**What the task asks**: Leaving the images out, output each entry below exactly.

[Saved entries]
Segment Open

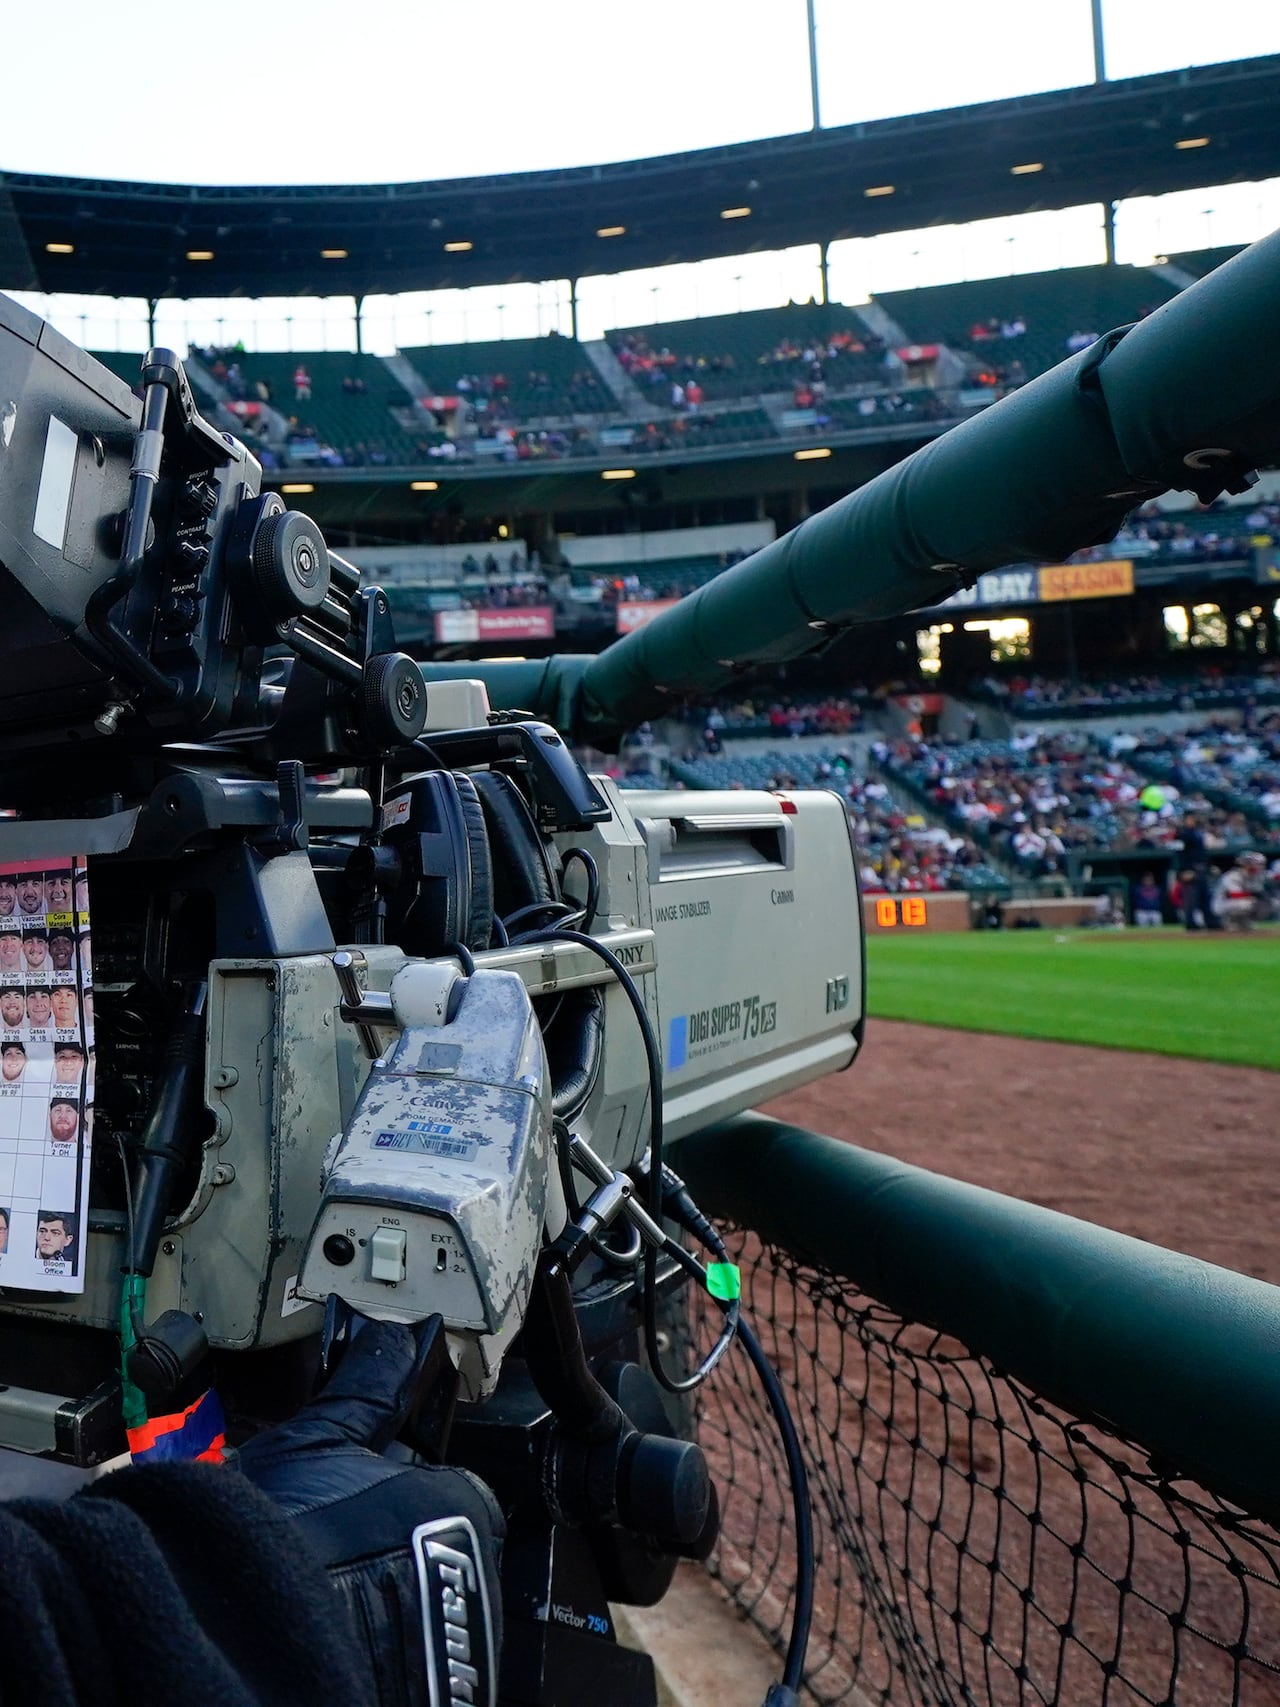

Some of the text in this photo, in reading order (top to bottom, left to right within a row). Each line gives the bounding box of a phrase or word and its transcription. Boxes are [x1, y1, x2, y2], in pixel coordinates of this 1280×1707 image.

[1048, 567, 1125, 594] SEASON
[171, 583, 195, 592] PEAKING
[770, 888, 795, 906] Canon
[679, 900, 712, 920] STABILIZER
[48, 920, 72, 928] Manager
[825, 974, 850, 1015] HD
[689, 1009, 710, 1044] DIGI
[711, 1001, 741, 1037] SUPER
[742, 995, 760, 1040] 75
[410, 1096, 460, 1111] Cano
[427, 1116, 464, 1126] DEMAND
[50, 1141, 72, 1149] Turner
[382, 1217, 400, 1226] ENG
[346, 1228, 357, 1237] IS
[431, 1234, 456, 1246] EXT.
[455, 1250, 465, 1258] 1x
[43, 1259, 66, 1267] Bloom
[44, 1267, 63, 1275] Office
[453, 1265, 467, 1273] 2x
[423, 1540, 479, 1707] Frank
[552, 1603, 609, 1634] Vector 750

Segment Closed

**Answer for the task**:
Some of the text in this photo, in reading order (top to bottom, left to right within a row). Each line gives the bounding box of a phrase or word and its transcription. Boxes are [x1, y1, x2, y2], in pixel coordinates of this 1280×1707 image.

[1048, 567, 1125, 594] SEASON
[171, 583, 195, 592] PEAKING
[770, 888, 795, 906] Canon
[679, 900, 712, 920] STABILIZER
[48, 920, 72, 928] Manager
[825, 974, 850, 1015] HD
[689, 1009, 710, 1044] DIGI
[711, 1001, 741, 1037] SUPER
[742, 995, 760, 1040] 75
[410, 1096, 460, 1111] Cano
[427, 1116, 464, 1126] DEMAND
[50, 1141, 72, 1149] Turner
[382, 1217, 400, 1226] ENG
[346, 1228, 357, 1237] IS
[431, 1234, 456, 1246] EXT.
[455, 1250, 465, 1258] 1x
[43, 1259, 66, 1267] Bloom
[44, 1267, 63, 1275] Office
[453, 1265, 467, 1273] 2x
[423, 1540, 479, 1707] Frank
[552, 1603, 609, 1634] Vector 750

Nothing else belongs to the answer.